O El Niño muito forte tem probabilidade de pelo menos 90% de ocorrer entre setembro e janeiro, segundo a nova previsão da National Oceanic and Atmospheric Administration (NOAA) com informações do Instituto Nacional de Meteorologia (inmet). O fenômeno deve intensificar o aquecimento das águas do Pacífico e influenciar o regime de chuvas no Brasil, especialmente nas regiões Sul, Norte e Nordeste.
Segundo dados divulgados pela NOAA, há 90% ou mais de probabilidade de ocorrência de um El Niño Muito Forte nos trimestres setembro-outubro-novembro (SON), outubro-novembro-dezembro (OND) e novembro-dezembro-janeiro (NDJ).
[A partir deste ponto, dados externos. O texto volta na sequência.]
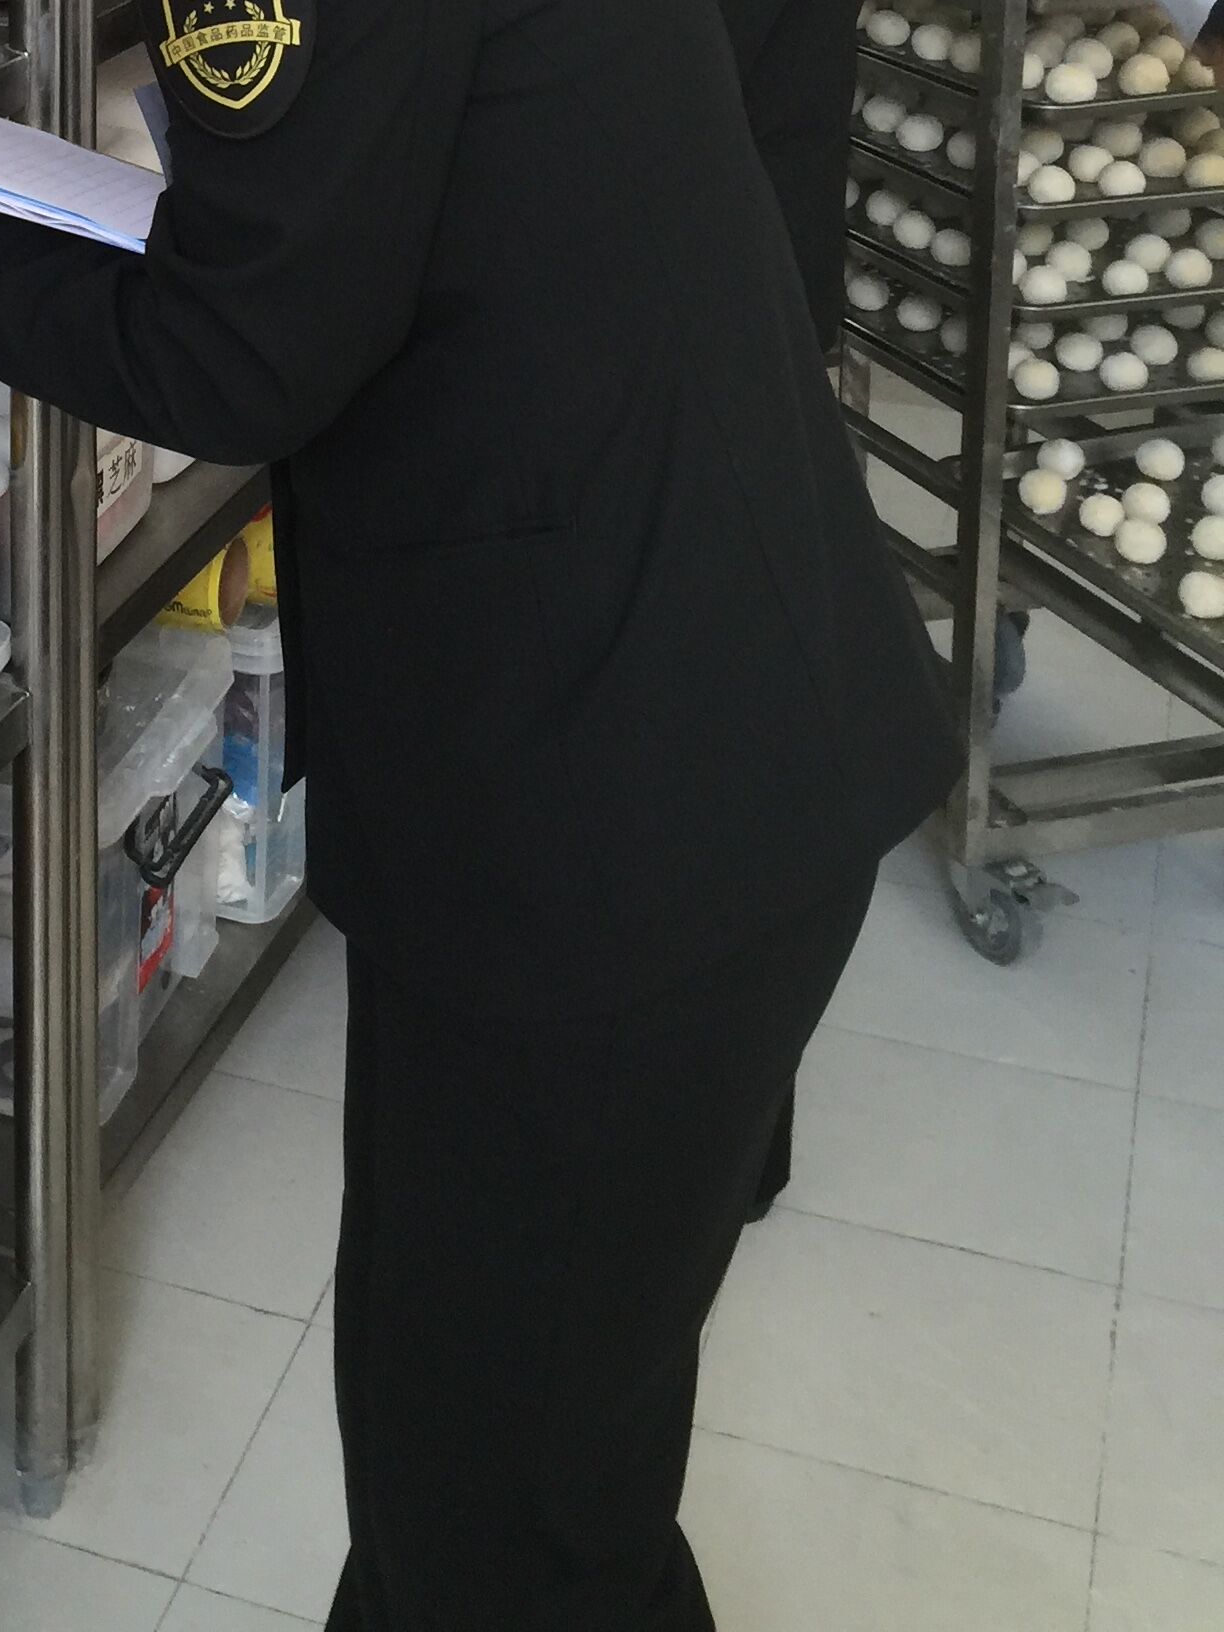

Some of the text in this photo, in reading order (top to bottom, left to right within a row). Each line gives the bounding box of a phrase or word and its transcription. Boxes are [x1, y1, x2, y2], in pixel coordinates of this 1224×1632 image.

[171, 24, 288, 58] 中国食品药品监管
A agência também estima em 69% a probabilidade de que o episódio seja o mais intenso já registrado desde 1950. Nesse cenário, as temperaturas das águas do Pacífico Tropical podem atingir uma anomalia igual ou superior a 2,5 °C.
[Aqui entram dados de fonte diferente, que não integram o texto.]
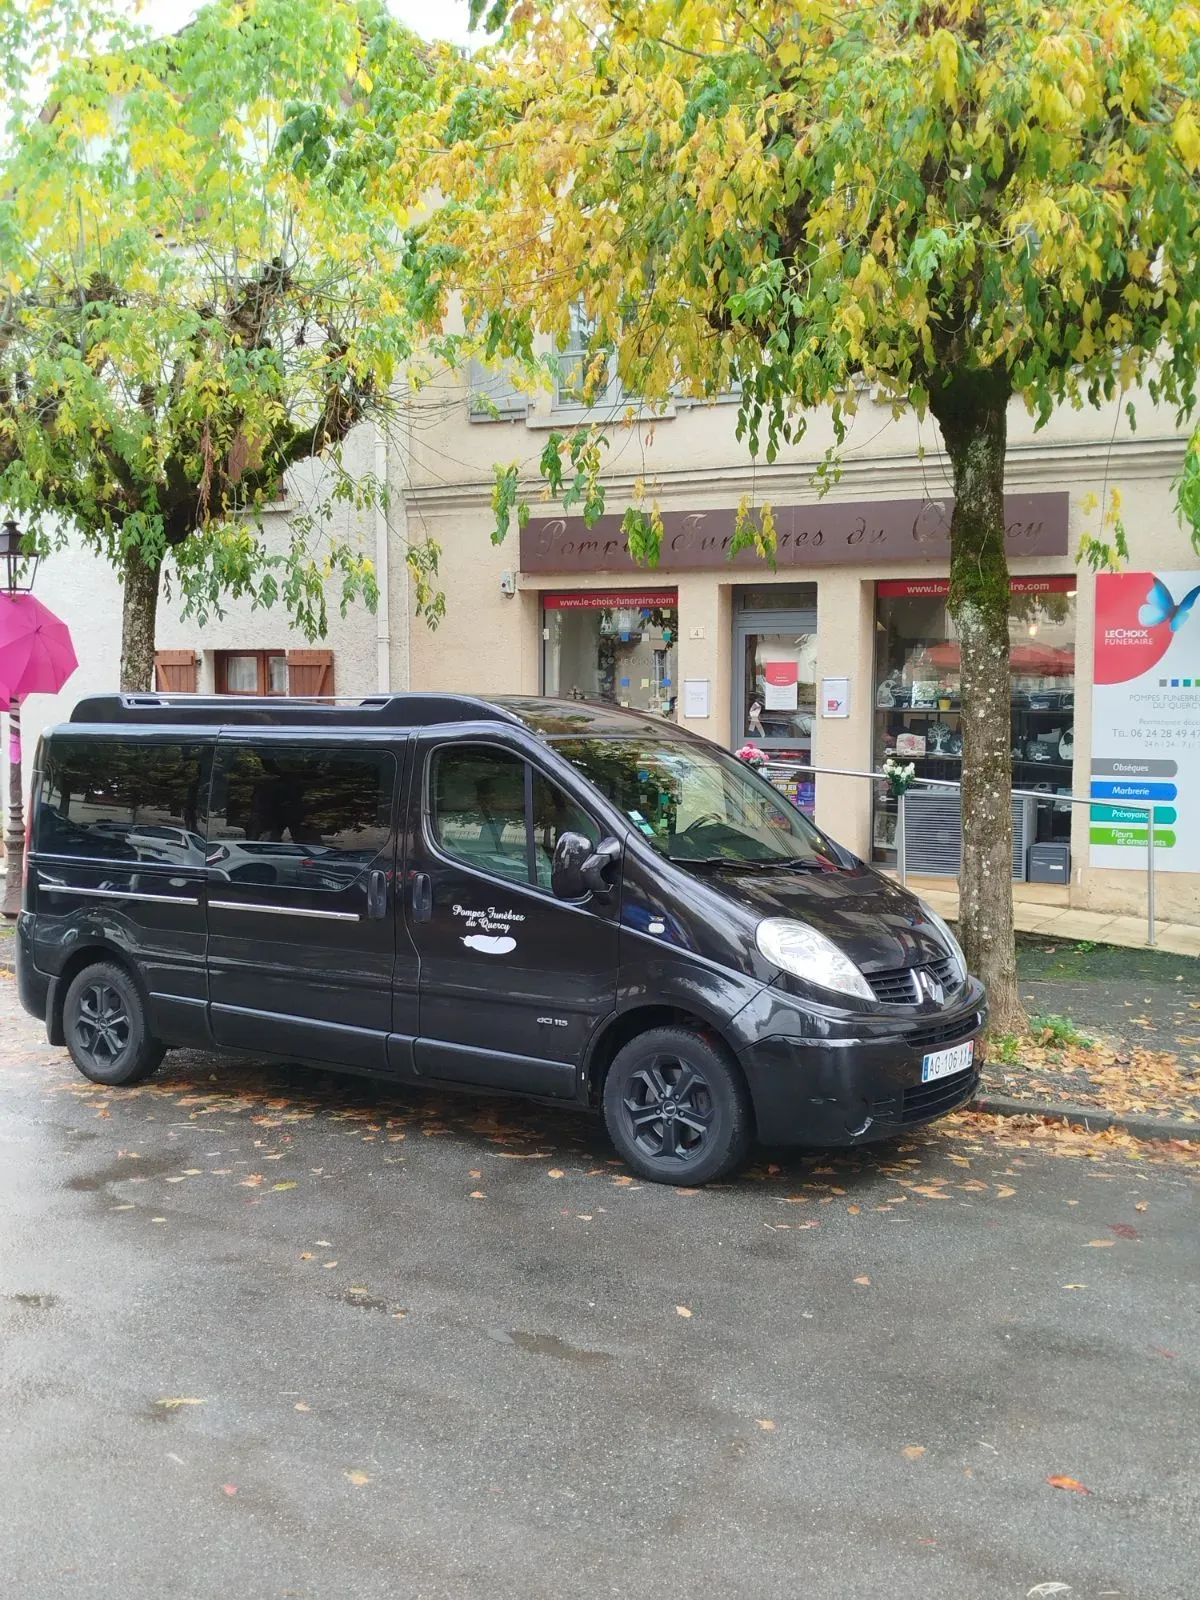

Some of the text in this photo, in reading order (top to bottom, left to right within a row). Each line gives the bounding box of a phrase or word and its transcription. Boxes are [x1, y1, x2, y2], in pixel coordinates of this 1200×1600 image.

[537, 519, 638, 560] Pomp
[847, 516, 888, 546] du
[559, 597, 674, 606] www.le-choix-funeraire.com
[1129, 694, 1160, 702] POMPES
[1130, 728, 1142, 738] 06
[1145, 728, 1157, 738] 24
[1160, 728, 1172, 738] 28
[1175, 728, 1187, 738] 49
[1112, 786, 1150, 795] Marbrerie
[1111, 809, 1149, 819] Prévoyanc
[1111, 829, 1133, 839] Fleurs
[452, 904, 526, 921] Pompes Funèbres
[465, 917, 511, 934] du Quercy
[555, 1019, 569, 1027] 115
Fenômeno altera o clima no Brasil
O El Niño é caracterizado principalmente pela persistência de temperaturas muito acima da média nas águas superficiais do Oceano Pacífico Tropical. Segundo dados divulgados pela NOAA, essa condição modifica a circulação atmosférica em grande escala e pode provocar impactos em diferentes partes do planeta. No Brasil, os efeitos são especialmente relevantes para as regiões Sul, Norte e Nordeste, onde o fenômeno pode alterar os padrões de chuva.
O atual episódio de El Niño começou em junho e os primeiros reflexos sobre o clima brasileiro já foram observados na Região Sul. Em julho, as chuvas ficaram entre 30% e 90% acima da média do mês, dependendo da localidade, de acordo com os dados apresentados pela NOAA. O comportamento reforça a possibilidade de continuidade de volumes elevados de precipitação no Sul durante os próximos meses.
Segundo dados divulgados pela NOAA, o fenômeno deve persistir até pelo menos março de 2027. A permanência do El Niño deve potencializar as chuvas acima da média no Sul do Brasil. Ao mesmo tempo, a partir de outubro, as regiões Norte e Nordeste podem enfrentar chuvas mais irregulares e volumes totais abaixo da média. O cenário climático aumenta a necessidade de acompanhamento das atualizações das previsões, especialmente para atividades agropecuárias que dependem diretamente da distribuição das chuvas.